日本の高速道路は世界屈指の高額設定となっている

 コロナ前、海外から日本に多くの観光客が押し寄せていた。

 そのなかには、日本へのリピーターもどんどん増えていったが、何度目かの来日となると自由に移動したいということで、レンタカーを借りる人も増えていった。

 そんな彼らが、実際にレンタカーを使ってみてビックリするのが高速料金である。

 欧米と比べて、日本の高速道路料金は2倍や3倍というレベルではなく、東名高速など長距離になると、欧米の5倍から10倍というほどの超高額になってしまうからだ。

 その他の料金としては、駐車料金は東京など都市部ではかなり高いとはいえ、ニューヨークやロンドンよりは安い印象がある。また、ガソリンやディーゼル燃料は欧米と比べると日本は安い場合が多い。

 そうしたなかで、高速道路の料金の高さが目立つ。とくに、ETC(自動料金徴収システム)を使わないと料金割引にならず、相当高額な料金を払うことになる。

補修などの費用がかかるため無料化の目処は立っていない

 では、なぜ日本の高速道路料金はこんなに高いのか?

 筆者の幼少期だった1960年代、「いま全国に建設が進んでいる高速道路は、その建設費を高速料金としてドライバーが支払っているので、皆さんが大人になることには無料になる」などと言っていた小学校の先生がいた。

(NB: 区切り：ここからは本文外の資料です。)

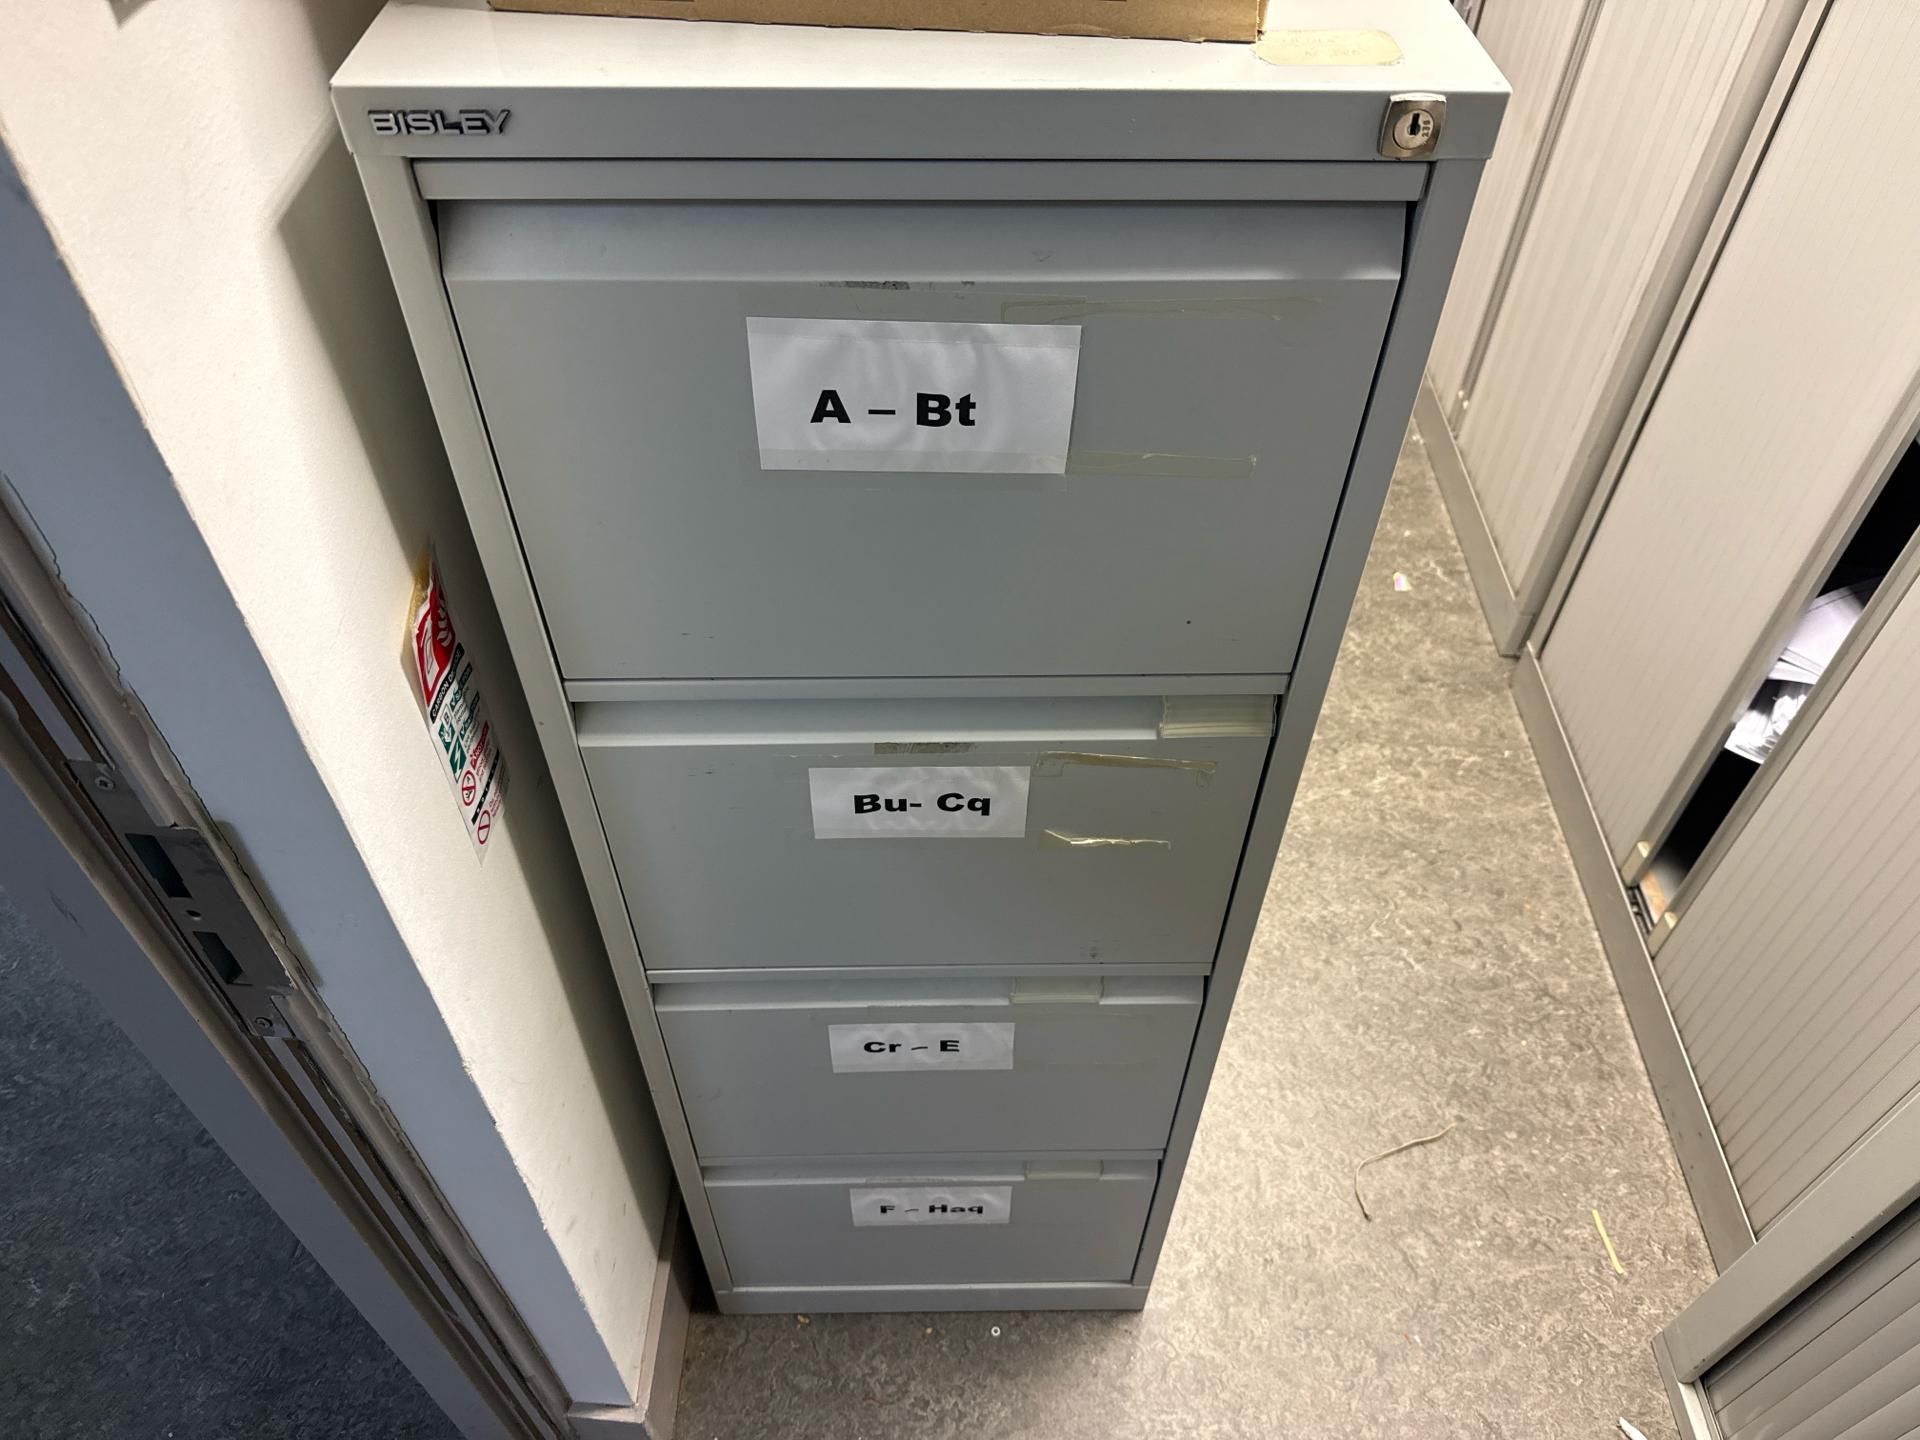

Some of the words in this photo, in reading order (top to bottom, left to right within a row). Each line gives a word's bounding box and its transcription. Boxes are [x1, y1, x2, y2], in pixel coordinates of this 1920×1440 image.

 確かに、地方の一部有料道路などでは建設された数十年後に無料になったケースはある。だが、首都高速、東名高速、名神高速など主要な高速道路の料金は下がるどころか上がっている。

 これに対して、道路事業各社は「既存の道路の補修費用、新規路線の工事費用、さらにサービスエリアなどの施設を拡充するための費用が新たにかかる」として、無料化の目途について明言することはない。

 一方、たとえばアメリカの場合、第二次世界大戦後の連邦政府によるインターステートハイウエイ構想によって、無料の高速道路(フリーウエイ)が全米に張り巡らされていった。

 筆者は過去40年間ほどで、全米各地をクルマで巡ってきたが、州によって道路の補修に対する予算規模は大きく違うため、同じ名前のフリーウエイでも州境を超えるといきなり路面状況が悪くなるケースもある。また、日本のような立派なサービスエリアもフリーウエイにはなく、フリーウエイをいったん降りて一般企業が経営するガソリンスタンドやレストランに入る。

 ただし、2000年代に入って、カリフォルニア、フロリダ、テキサスなど自動車保有台数が多い州では一部道路の有料化が進んでいる。とはいえ、通行料金は日本と比べるとかなり安い。

 結局、アメリカにおける高速道路は、州など地方自治体が費用を負担する社会インフラという位置付けであり、企業活動の一環というケースは少ない。

 こうした状況は、ドイツなど欧州各国でも似ていると思うが、たとえばドイツではアウトバーンで国外登録車に対する有料化の実施について賛否が分かれている状況だ。

 いずれにしても、日本が世界でもっとも高速道路料金が高い国であることが変わることは、当分の間ないだろう。